It’s been an exciting couple of weeks here in PEI. We’ve launched the first part of the training and discussion for our maker cart project. We’ve been working on pulling together all our information pieces on supporting technology in the system. We spoke with the principals about our work and have had a fair number of them reach out excited to get involved. We’ve been thinking about how technology can support language arts. We’ve been working towards better basic training in technology in the form of google certified educator. We’ve been thinking about how we can improve our wireless infrastructure in the long term. The digital strategy committee approach (yup, I suggested we solve a problem with a committee) has been fantastic. As always… getting the decision making worked out is a critical step in the process, many thanks to the leadership in k12 here for letting us set it up.
Digital Practices
Dedicated time-for-learning is critical for digital transformation (or, really, any change project). While we are planning learning events with teachers for both the maker work and with google, getting time-for-learning with the curriculum consultants and the coaches is just as important. This week we start a 2 month-ish course on digital practices. The course itself is based on the ed366 course I taught at UPEI for years, but modified for smaller class sizes and the more specific use case of being within an education system.

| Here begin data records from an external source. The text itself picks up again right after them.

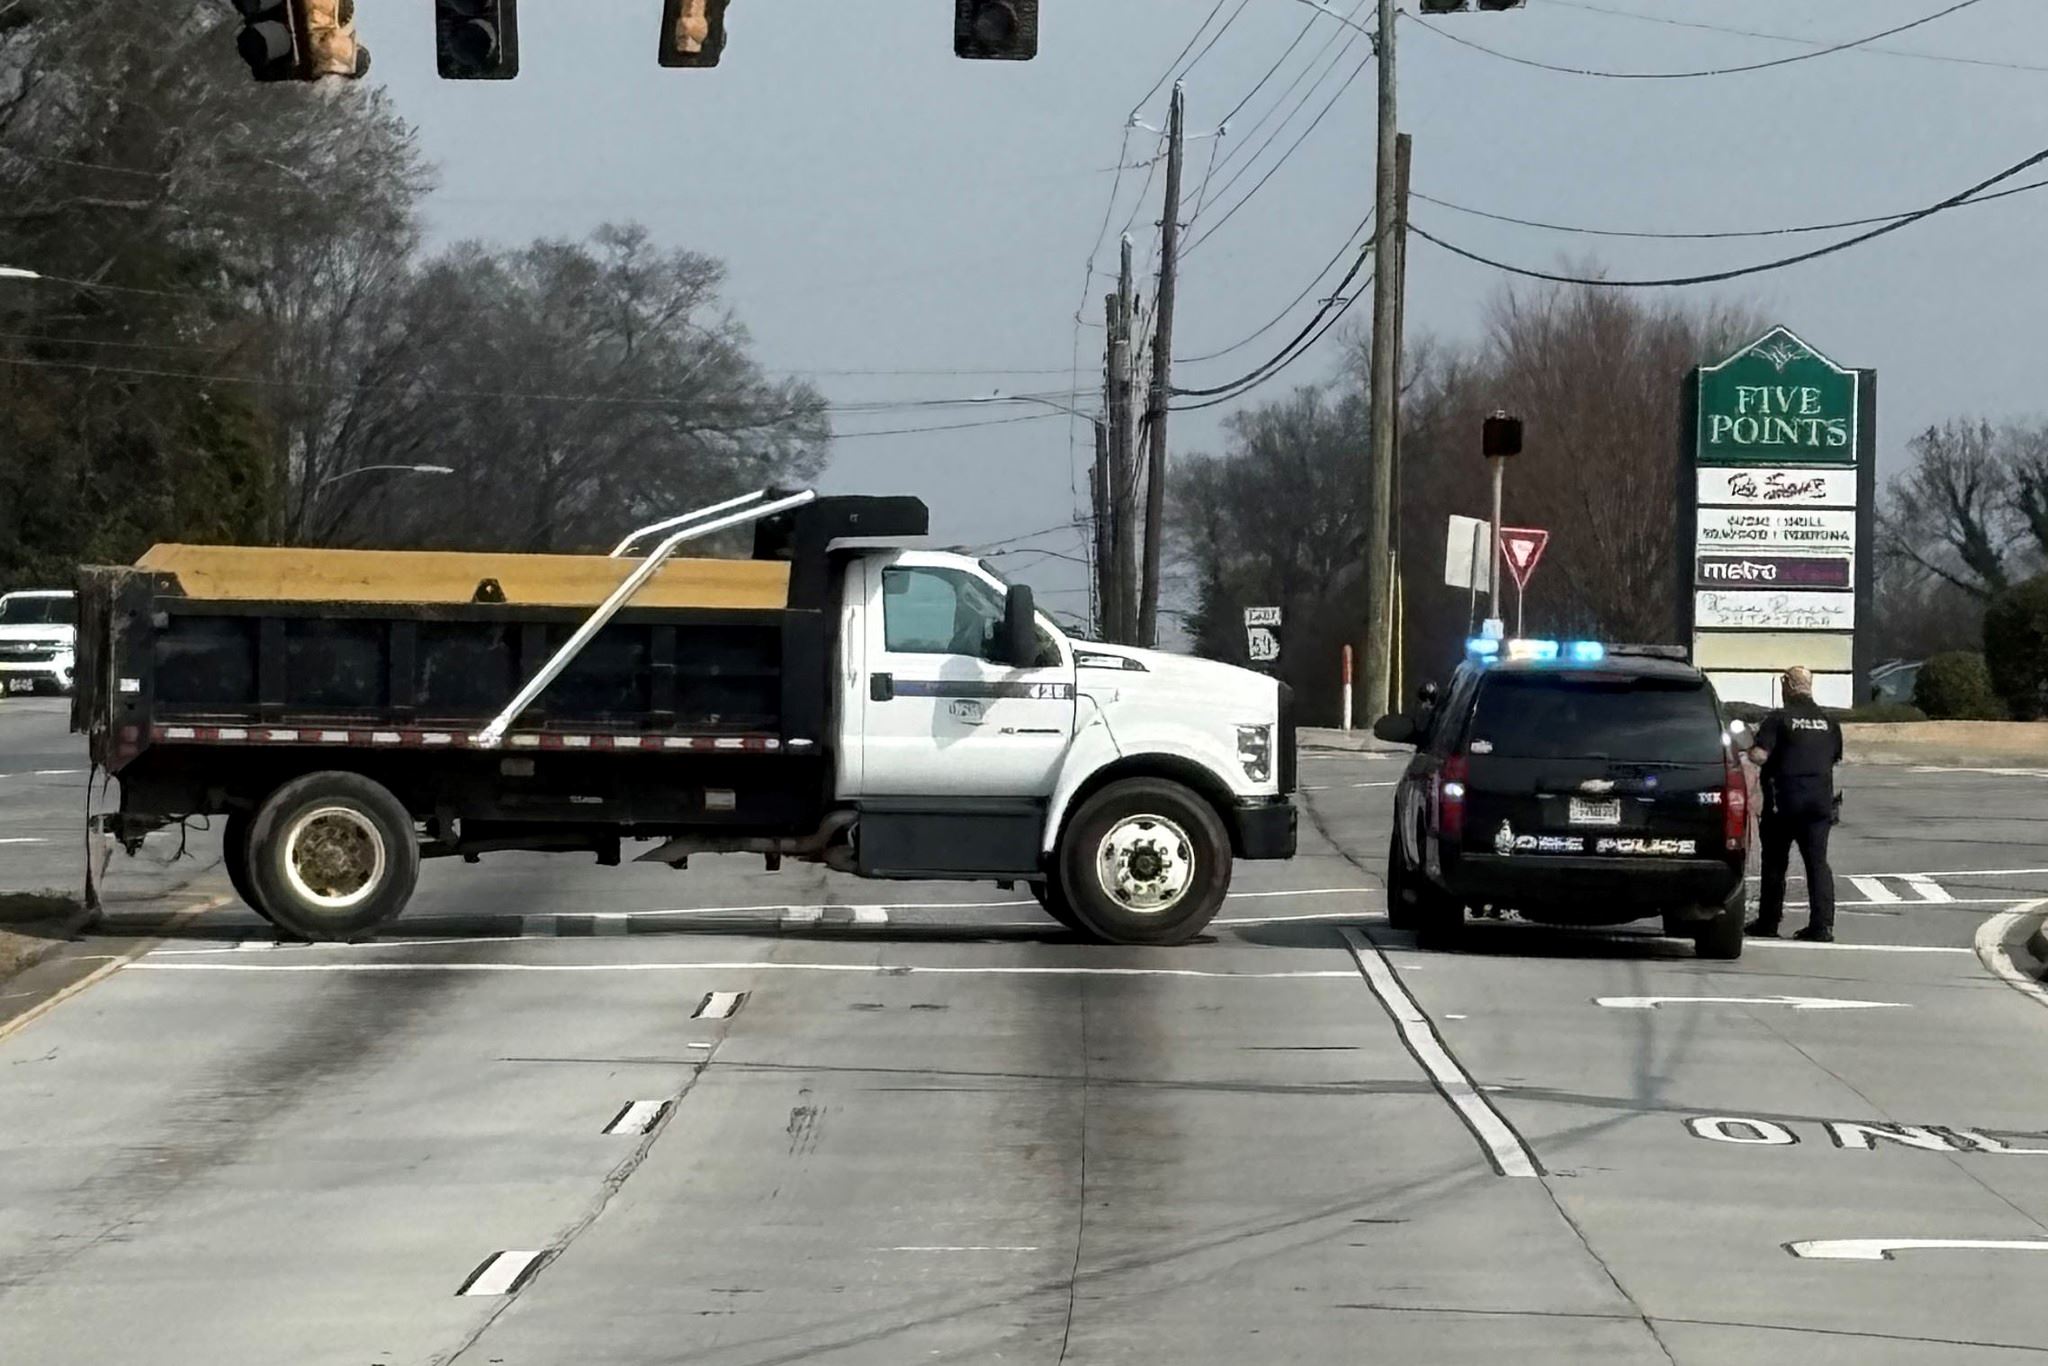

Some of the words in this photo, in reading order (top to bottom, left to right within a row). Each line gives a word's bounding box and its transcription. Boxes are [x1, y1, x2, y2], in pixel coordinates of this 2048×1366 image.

[1735, 386, 1821, 415] FIVE
[1708, 414, 1848, 446] POINTS
[1703, 561, 1777, 580] metro
[1596, 837, 1697, 854] POLICE
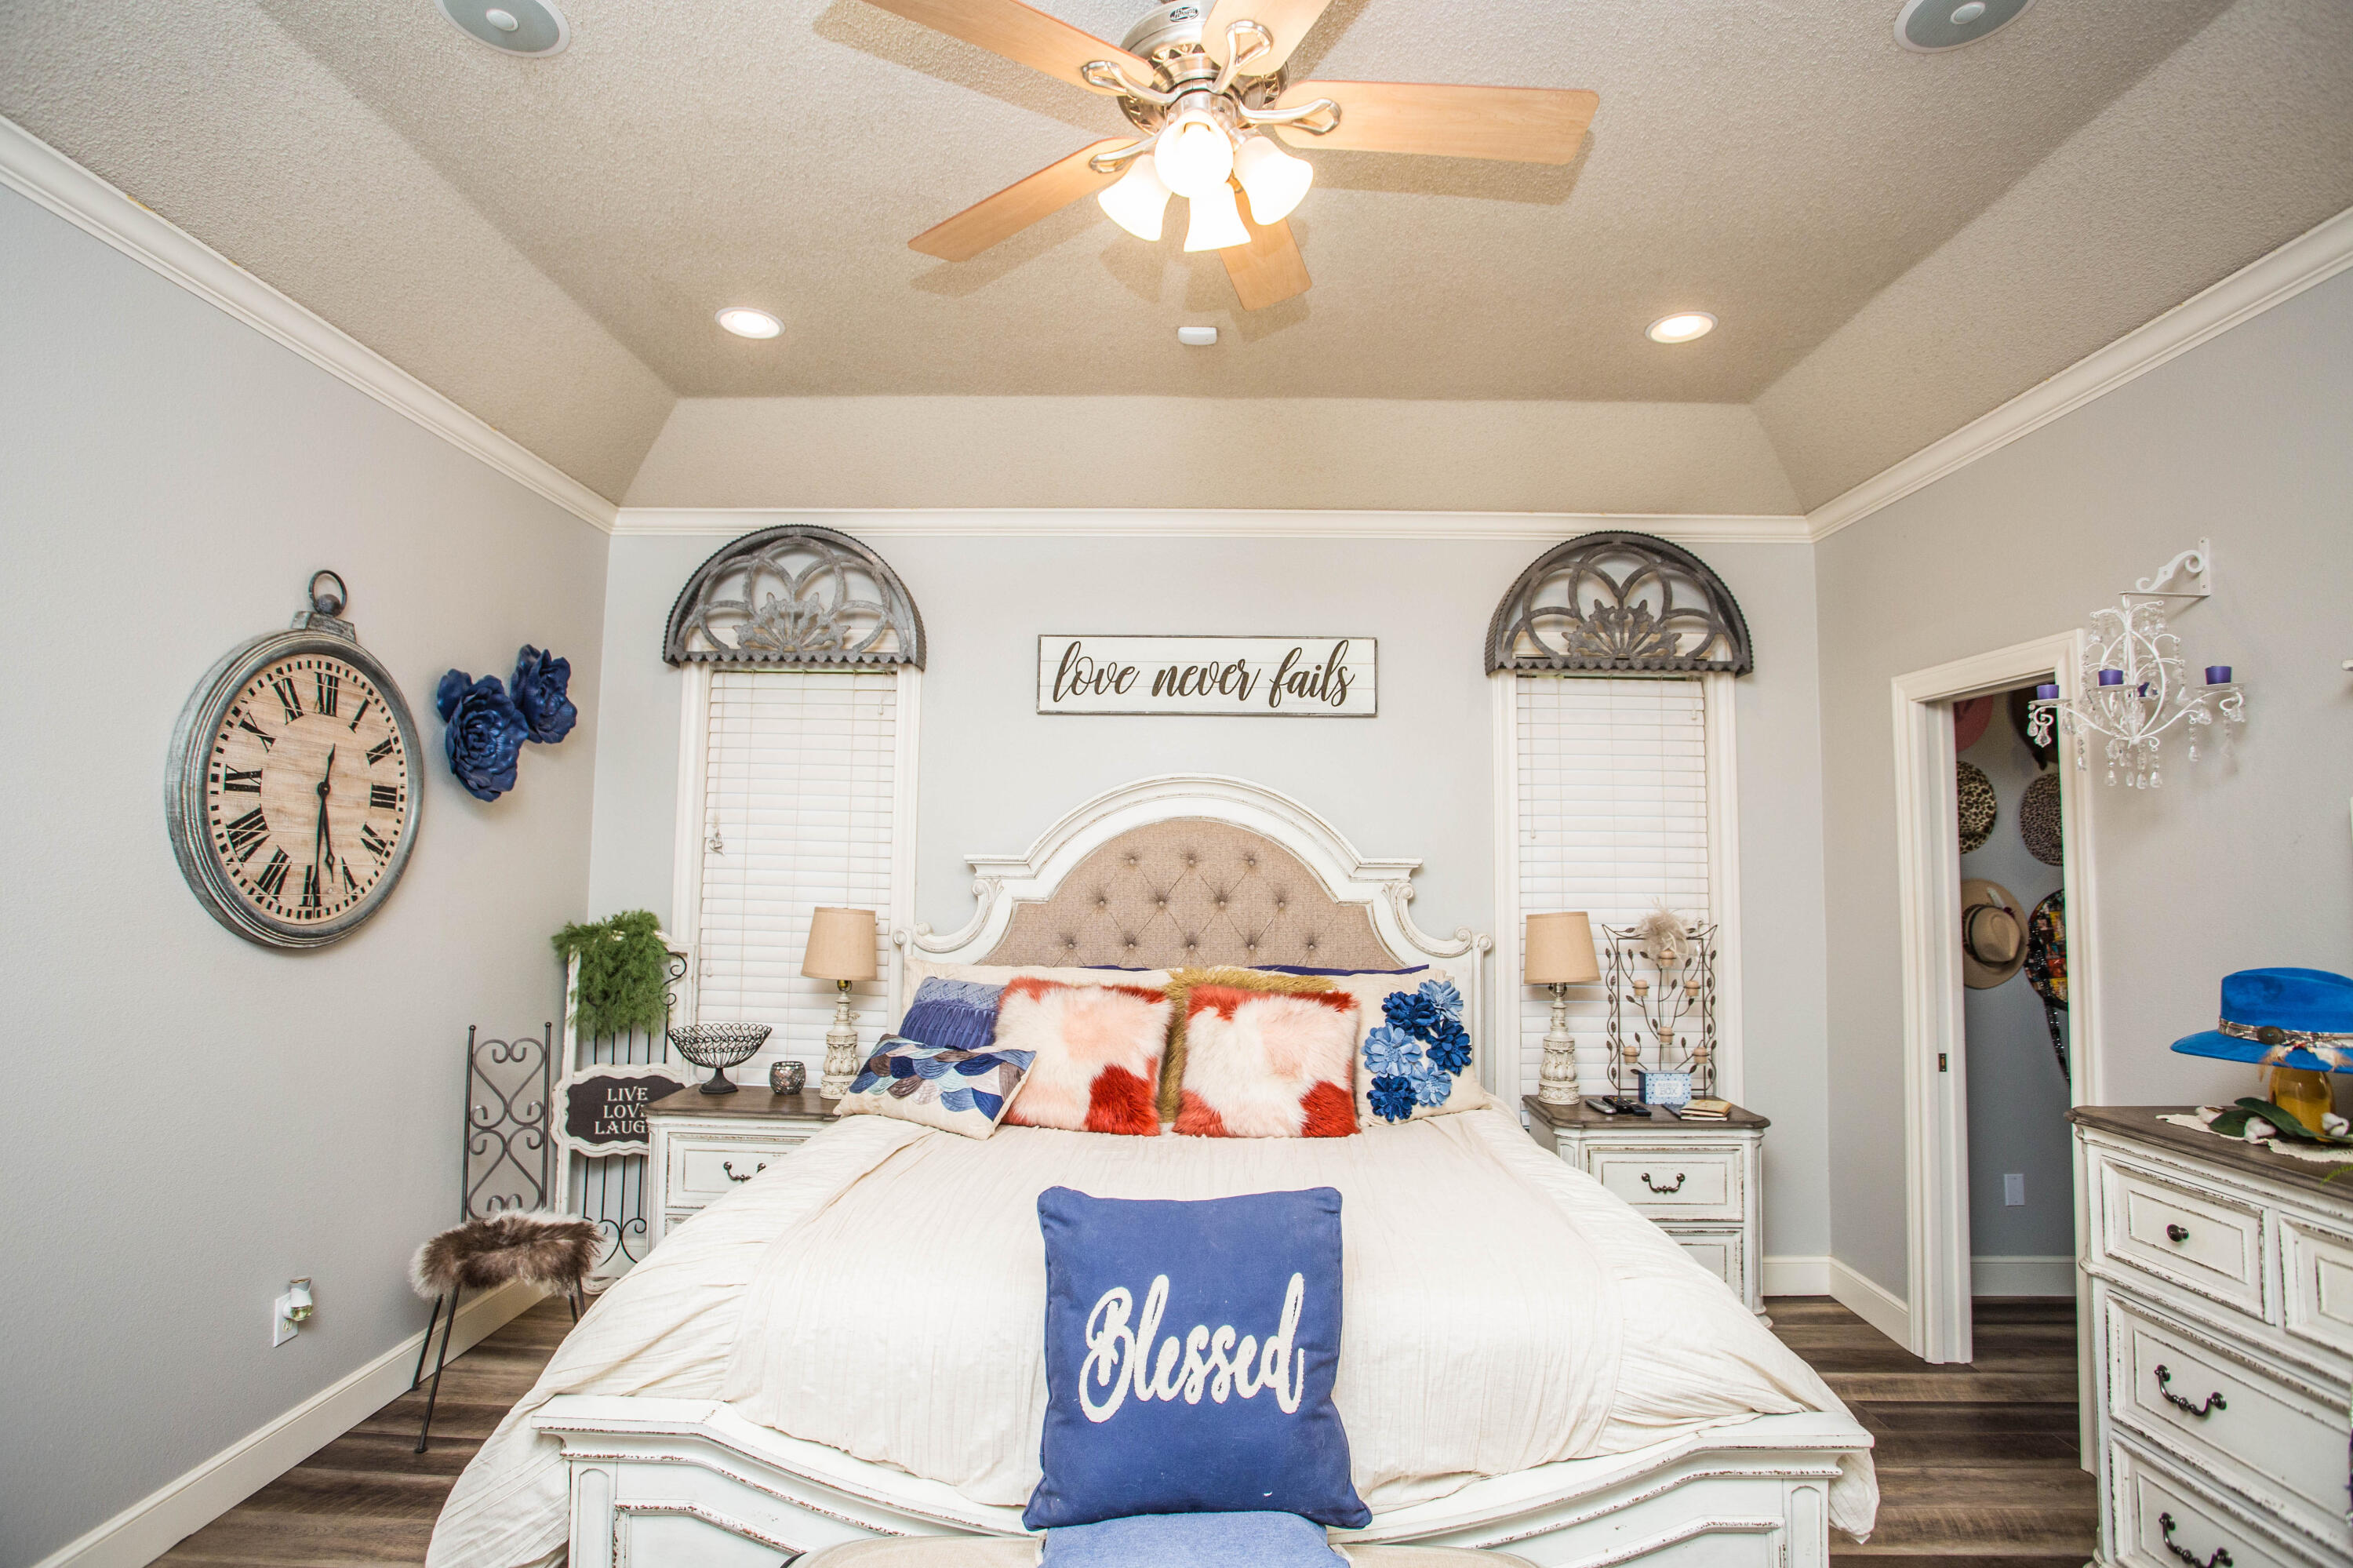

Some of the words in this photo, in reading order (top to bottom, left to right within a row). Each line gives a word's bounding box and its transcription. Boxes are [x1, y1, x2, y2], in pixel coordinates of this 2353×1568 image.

[1053, 641, 1140, 703] love
[1151, 658, 1260, 701] never
[1268, 639, 1355, 708] fails
[271, 677, 307, 726] XI
[315, 671, 341, 718] XII
[238, 709, 276, 753] X
[348, 697, 371, 733] I
[365, 735, 394, 768] II
[223, 763, 263, 797] IX
[369, 782, 398, 810] III
[341, 856, 359, 895] V
[607, 1086, 649, 1101] LIVE
[595, 1121, 649, 1134] LAUG
[1078, 1272, 1305, 1423] Blessed

‘Digital Practices’ are the things that I do that are born out of the affordances of our digital communications platforms. It is an assemblage of the digital skills i might have mediated through the digital literacy and habits that i have acquired. Or, to put it more simply, it’s ‘being digital’.
It’s tricky business, talking about this stuff, and it inevitably leads to some contradictions. One of the biggest advantages of digital spaces, from my perspective, is the return to orality. When we depend on a finished text (say, a printed book) to arrive to us in the mail, we are the receivers of the knowledge that is contained therein. I can certainly work through that text with my other, previous learnings, but I never get a chance to contribute, to ask questions that can get answers… I’m not part of the knowledge creation process. When we think of an oral discussion (at least, a good one) there is a chance for both sides to contribute, a chance for us to move together to a new understanding. Digital spaces allow for this to happen with text. We can collaborate on something that becomes knowledge through our interactions with it.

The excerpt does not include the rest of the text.